### TRY IT
Where an image occurs, skip it and print the rest of the records verbatim.

════════════════

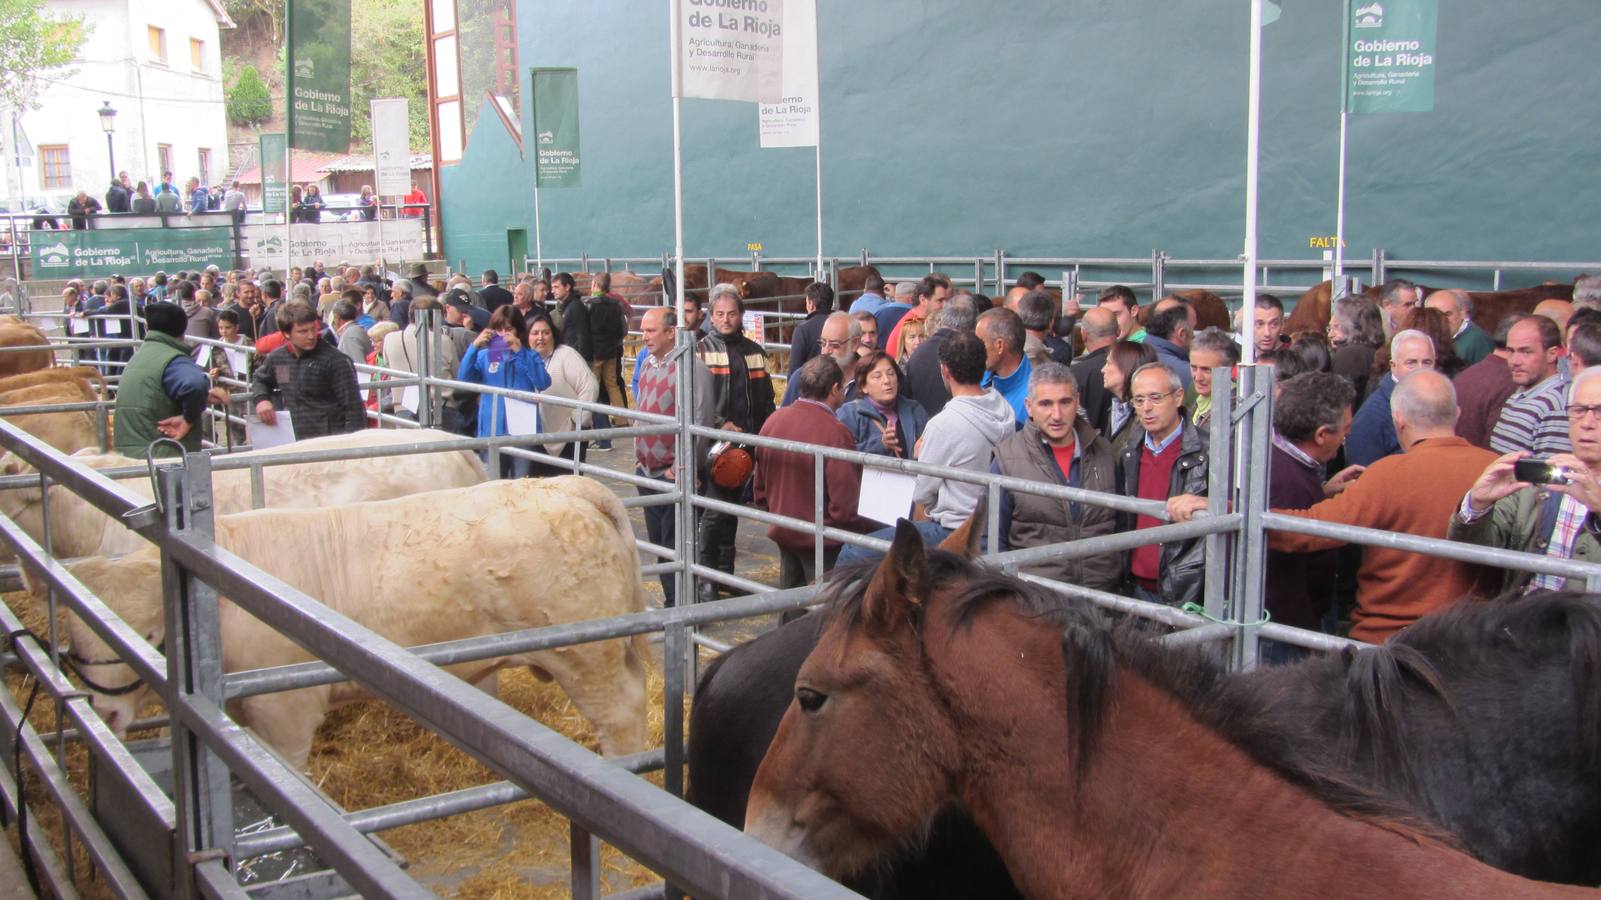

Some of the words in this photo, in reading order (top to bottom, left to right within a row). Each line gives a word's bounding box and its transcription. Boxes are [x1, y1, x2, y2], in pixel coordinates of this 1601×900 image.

[688, 10, 713, 29] de
[718, 12, 739, 31] La
[743, 15, 781, 38] Rioja
[688, 37, 734, 50] Agricultura,
[1354, 40, 1419, 52] Gobierno
[688, 49, 695, 58] y
[696, 48, 735, 59] Desarrollo
[736, 51, 756, 62] Rural
[1353, 55, 1371, 67] de
[1375, 54, 1392, 67] La
[1396, 53, 1432, 67] Rioja
[295, 87, 341, 102] Gobierno
[295, 100, 308, 110] de
[311, 101, 323, 112] La
[325, 103, 349, 116] Rioja
[761, 106, 774, 115] de
[775, 105, 787, 114] La
[789, 104, 812, 115] Rioja
[561, 157, 580, 165] Rioja
[74, 248, 121, 256] Gobierno
[75, 258, 88, 266] de
[90, 257, 103, 265] La
[105, 256, 131, 266] Rioja

════════════════

### SOLUTION
Some of the words in this photo, in reading order (top to bottom, left to right within a row). Each line gives a word's bounding box and its transcription. Boxes are [x1, y1, x2, y2], in pixel coordinates of this 1601×900 image.

[688, 10, 713, 29] de
[718, 12, 739, 31] La
[743, 15, 781, 38] Rioja
[688, 37, 734, 50] Agricultura,
[1354, 40, 1419, 52] Gobierno
[688, 49, 695, 58] y
[696, 48, 735, 59] Desarrollo
[736, 51, 756, 62] Rural
[1353, 55, 1371, 67] de
[1375, 54, 1392, 67] La
[1396, 53, 1432, 67] Rioja
[295, 87, 341, 102] Gobierno
[295, 100, 308, 110] de
[311, 101, 323, 112] La
[325, 103, 349, 116] Rioja
[761, 106, 774, 115] de
[775, 105, 787, 114] La
[789, 104, 812, 115] Rioja
[561, 157, 580, 165] Rioja
[74, 248, 121, 256] Gobierno
[75, 258, 88, 266] de
[90, 257, 103, 265] La
[105, 256, 131, 266] Rioja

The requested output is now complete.